◆ GIVEN INFORMATION
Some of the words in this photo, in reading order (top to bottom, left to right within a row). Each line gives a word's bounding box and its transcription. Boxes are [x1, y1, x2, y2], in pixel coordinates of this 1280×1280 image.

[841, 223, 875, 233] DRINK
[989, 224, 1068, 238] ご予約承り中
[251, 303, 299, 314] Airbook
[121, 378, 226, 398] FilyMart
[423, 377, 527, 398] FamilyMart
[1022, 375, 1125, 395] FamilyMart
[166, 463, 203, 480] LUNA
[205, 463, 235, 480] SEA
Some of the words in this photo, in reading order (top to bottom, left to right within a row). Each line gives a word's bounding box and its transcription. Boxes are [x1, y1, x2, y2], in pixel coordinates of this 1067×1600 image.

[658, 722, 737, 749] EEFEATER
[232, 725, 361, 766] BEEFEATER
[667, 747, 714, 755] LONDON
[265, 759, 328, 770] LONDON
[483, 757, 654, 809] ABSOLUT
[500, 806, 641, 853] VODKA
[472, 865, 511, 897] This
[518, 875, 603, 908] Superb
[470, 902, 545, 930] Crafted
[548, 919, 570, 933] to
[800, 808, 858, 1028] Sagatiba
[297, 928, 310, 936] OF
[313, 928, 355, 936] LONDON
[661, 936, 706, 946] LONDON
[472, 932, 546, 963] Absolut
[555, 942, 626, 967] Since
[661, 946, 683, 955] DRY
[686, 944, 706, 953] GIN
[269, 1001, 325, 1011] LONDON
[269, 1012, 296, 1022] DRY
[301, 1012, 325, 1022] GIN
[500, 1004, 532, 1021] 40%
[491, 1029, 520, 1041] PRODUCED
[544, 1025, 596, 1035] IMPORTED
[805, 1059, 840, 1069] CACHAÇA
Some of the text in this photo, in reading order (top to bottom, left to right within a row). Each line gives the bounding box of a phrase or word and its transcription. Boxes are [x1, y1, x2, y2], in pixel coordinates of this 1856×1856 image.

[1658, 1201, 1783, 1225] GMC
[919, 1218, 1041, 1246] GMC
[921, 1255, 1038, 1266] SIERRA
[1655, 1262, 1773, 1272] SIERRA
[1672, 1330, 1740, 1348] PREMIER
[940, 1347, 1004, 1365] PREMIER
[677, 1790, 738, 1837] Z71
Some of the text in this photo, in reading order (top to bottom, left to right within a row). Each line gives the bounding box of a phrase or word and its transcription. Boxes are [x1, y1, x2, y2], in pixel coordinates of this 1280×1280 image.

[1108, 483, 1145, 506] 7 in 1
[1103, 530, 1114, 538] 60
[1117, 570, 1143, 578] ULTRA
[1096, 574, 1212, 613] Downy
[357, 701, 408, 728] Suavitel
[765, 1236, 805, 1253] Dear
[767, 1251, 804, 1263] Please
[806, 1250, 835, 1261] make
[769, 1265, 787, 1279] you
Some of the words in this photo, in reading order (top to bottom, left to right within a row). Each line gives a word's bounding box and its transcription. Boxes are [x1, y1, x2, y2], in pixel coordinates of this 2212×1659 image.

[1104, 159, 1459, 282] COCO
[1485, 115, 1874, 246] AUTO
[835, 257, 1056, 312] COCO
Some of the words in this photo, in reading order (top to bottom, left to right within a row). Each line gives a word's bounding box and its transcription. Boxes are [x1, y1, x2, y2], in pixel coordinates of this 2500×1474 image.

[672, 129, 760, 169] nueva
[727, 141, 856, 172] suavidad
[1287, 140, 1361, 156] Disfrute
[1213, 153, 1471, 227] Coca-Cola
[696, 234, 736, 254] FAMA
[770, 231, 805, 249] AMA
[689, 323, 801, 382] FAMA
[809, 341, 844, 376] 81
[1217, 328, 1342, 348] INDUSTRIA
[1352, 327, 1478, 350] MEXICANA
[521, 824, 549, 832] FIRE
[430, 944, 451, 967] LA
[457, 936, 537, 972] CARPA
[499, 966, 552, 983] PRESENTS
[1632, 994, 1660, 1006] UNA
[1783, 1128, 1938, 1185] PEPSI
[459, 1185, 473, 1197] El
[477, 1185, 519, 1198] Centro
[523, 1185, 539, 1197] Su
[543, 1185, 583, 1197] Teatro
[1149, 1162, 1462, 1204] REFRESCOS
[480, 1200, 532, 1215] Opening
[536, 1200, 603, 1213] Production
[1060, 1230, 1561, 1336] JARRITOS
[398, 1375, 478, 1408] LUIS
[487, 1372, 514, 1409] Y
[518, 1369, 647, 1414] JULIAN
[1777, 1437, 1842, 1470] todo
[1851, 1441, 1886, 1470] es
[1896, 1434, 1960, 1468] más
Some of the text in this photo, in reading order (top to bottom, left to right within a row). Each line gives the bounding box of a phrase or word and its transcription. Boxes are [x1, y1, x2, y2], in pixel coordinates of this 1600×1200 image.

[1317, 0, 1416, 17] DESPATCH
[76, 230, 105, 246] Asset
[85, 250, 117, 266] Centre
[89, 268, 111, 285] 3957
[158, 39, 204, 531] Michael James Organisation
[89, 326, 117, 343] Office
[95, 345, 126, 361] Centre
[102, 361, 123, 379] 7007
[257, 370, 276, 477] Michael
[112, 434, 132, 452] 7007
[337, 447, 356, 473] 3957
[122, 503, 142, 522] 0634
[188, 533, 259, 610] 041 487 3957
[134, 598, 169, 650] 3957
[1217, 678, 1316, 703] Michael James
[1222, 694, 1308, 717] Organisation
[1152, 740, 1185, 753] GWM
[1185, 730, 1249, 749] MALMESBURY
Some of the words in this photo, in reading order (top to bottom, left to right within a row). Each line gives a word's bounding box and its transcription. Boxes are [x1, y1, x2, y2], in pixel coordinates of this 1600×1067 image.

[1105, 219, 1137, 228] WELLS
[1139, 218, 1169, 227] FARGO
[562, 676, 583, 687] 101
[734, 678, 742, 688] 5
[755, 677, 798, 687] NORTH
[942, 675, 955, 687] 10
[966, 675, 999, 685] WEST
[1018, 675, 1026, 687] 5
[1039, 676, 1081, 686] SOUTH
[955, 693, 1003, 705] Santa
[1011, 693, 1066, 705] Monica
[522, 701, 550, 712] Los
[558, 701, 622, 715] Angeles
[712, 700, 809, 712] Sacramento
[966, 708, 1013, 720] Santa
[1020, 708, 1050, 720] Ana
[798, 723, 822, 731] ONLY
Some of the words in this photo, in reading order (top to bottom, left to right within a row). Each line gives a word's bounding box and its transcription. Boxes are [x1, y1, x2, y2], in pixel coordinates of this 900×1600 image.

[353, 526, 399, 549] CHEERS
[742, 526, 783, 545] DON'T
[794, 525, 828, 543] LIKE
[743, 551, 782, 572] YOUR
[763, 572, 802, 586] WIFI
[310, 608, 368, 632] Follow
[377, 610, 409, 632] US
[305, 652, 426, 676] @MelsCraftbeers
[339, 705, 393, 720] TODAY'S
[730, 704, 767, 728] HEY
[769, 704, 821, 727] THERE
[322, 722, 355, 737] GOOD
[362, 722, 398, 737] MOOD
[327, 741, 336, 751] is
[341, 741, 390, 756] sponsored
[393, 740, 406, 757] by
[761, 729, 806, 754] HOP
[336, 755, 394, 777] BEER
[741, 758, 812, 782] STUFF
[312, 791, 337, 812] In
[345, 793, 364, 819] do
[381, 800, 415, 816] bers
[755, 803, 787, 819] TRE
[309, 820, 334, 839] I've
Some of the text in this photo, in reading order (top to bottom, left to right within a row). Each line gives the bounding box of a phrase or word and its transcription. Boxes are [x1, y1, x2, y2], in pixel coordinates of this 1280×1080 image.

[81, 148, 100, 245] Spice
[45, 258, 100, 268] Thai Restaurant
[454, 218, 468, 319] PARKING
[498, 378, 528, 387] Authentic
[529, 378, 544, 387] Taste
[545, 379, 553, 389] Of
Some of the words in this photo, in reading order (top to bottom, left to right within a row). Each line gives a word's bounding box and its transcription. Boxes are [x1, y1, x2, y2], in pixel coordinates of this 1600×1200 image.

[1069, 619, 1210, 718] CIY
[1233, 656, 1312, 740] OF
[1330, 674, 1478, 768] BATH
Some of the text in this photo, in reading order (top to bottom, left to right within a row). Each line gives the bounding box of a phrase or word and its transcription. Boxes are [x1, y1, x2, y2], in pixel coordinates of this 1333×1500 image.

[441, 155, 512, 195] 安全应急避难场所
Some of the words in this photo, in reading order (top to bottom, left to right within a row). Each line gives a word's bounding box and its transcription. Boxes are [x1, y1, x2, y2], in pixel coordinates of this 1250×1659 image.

◆ PROBLEM TO SOLVE
The lines from the one containing "this 1333×1500 image." through the final line of the listing above are to be repeated exactly, and nothing else is to be printed.

◆ ANSWER BOX
Some of the text in this photo, in reading order (top to bottom, left to right within a row). Each line gives the bounding box of a phrase or word and its transcription. Boxes are [x1, y1, x2, y2], in pixel coordinates of this 1333×1500 image.

[441, 155, 512, 195] 安全应急避难场所
Some of the words in this photo, in reading order (top to bottom, left to right within a row). Each line gives a word's bounding box and its transcription. Boxes are [x1, y1, x2, y2], in pixel coordinates of this 1250×1659 image.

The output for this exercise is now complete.